[Records from a dataset]
■ ■ ■ ■ ■ ■ ■

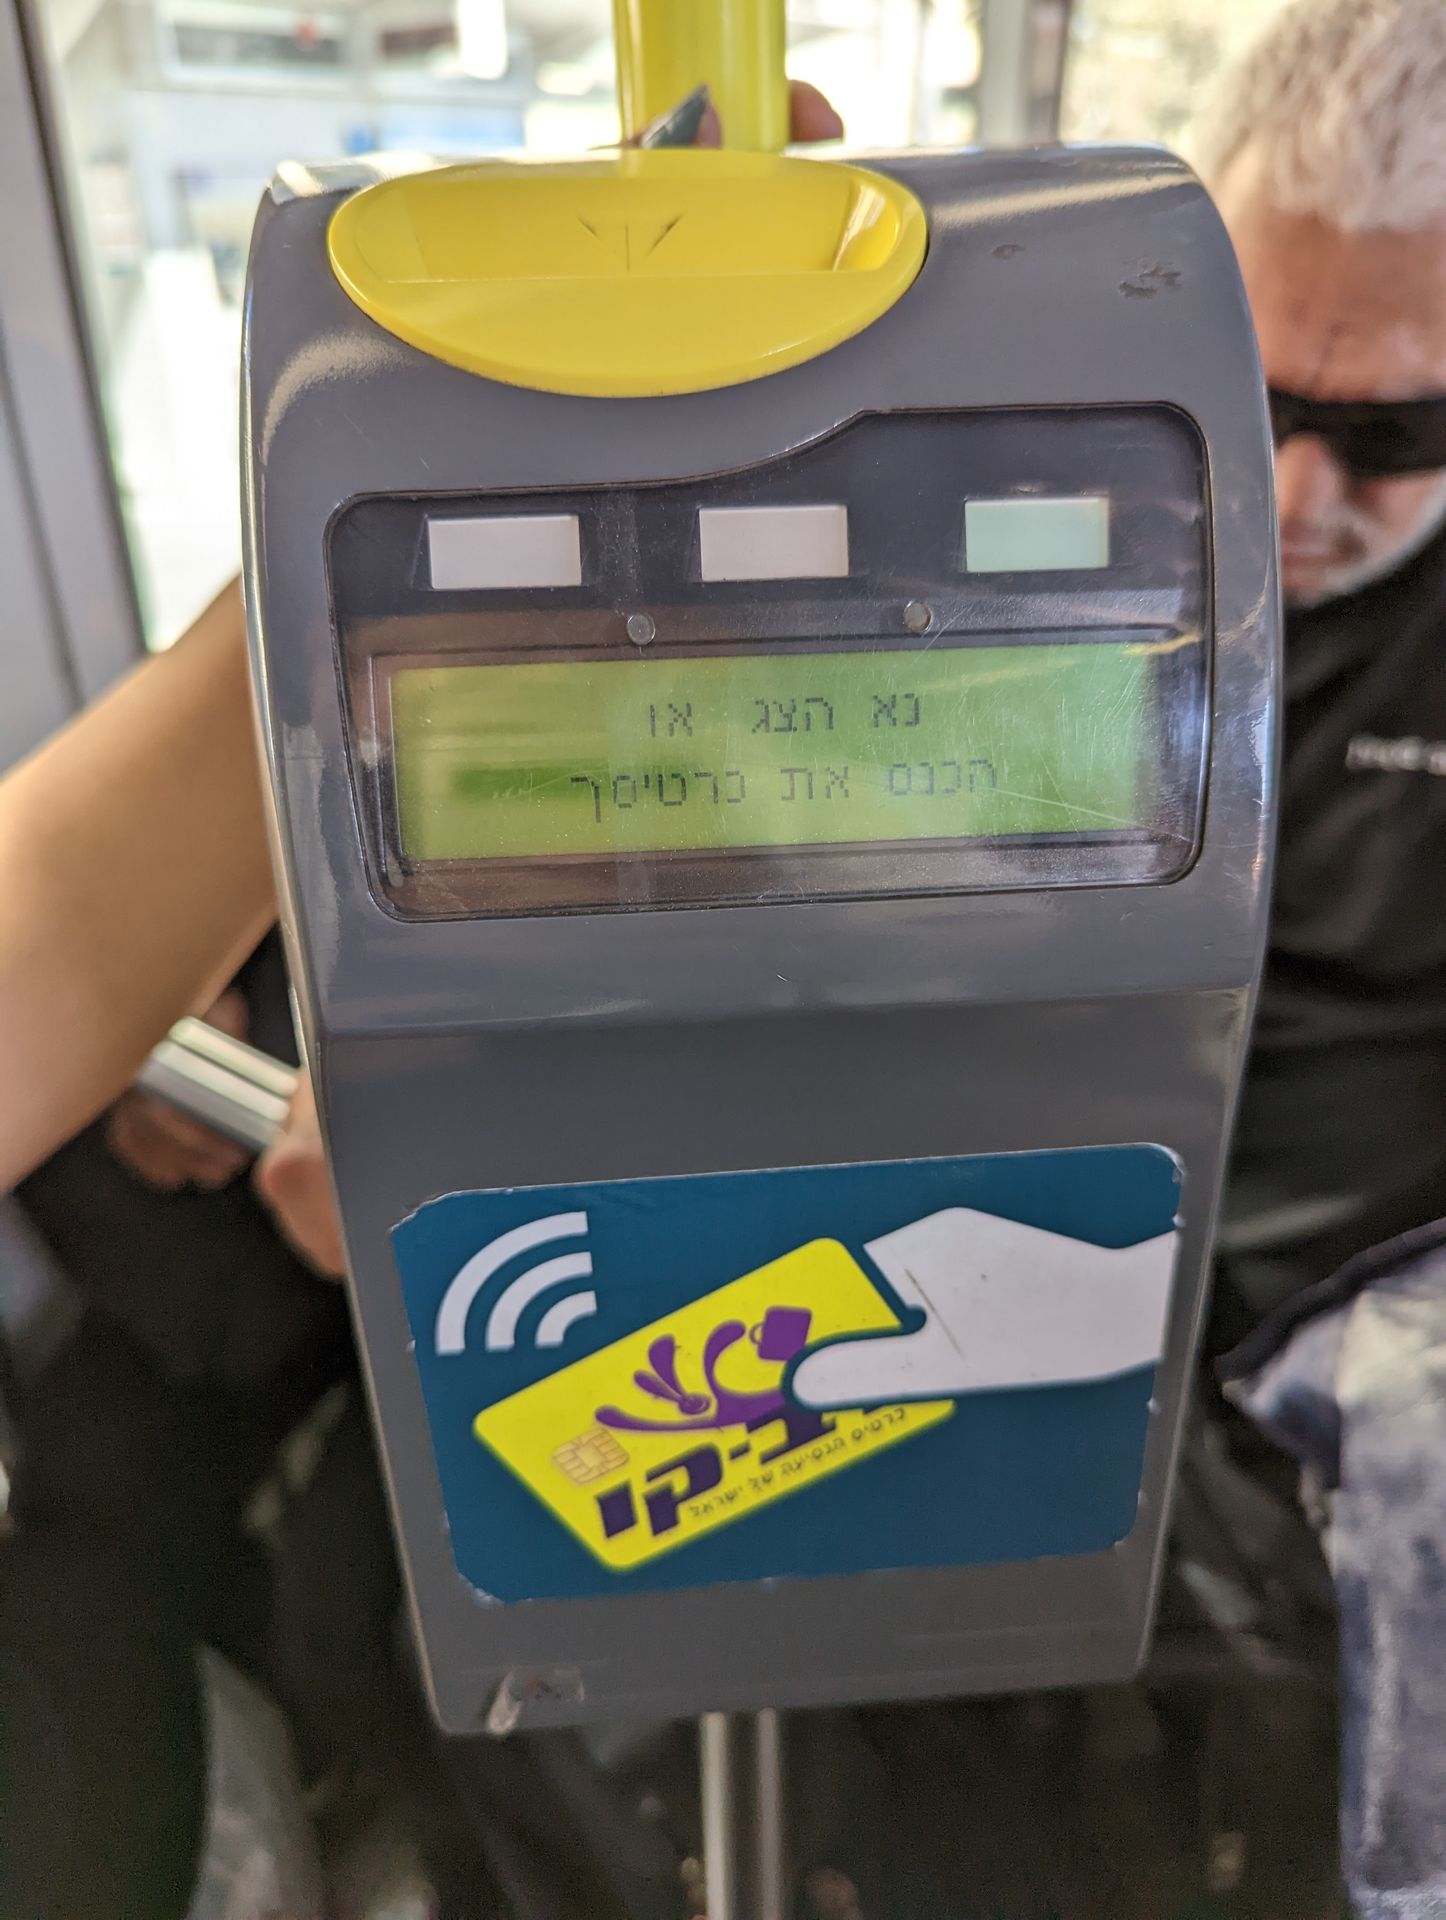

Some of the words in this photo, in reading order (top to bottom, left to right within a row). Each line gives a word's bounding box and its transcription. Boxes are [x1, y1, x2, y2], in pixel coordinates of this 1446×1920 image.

[649, 702, 692, 737] או
[752, 697, 834, 734] הצג
[873, 693, 920, 728] נא
[780, 766, 849, 801] את
[889, 759, 997, 796] הכנס
[570, 770, 746, 823] כרטיסך

■ ■ ■ ■ ■ ■ ■

▸ WHAT THE TASK REQUIRES
Set down each of the records precisely, leaving any pictures behind.

▸ SOLUTION
Some of the words in this photo, in reading order (top to bottom, left to right within a row). Each line gives a word's bounding box and its transcription. Boxes are [x1, y1, x2, y2], in pixel coordinates of this 1446×1920 image.

[649, 702, 692, 737] או
[752, 697, 834, 734] הצג
[873, 693, 920, 728] נא
[780, 766, 849, 801] את
[889, 759, 997, 796] הכנס
[570, 770, 746, 823] כרטיסך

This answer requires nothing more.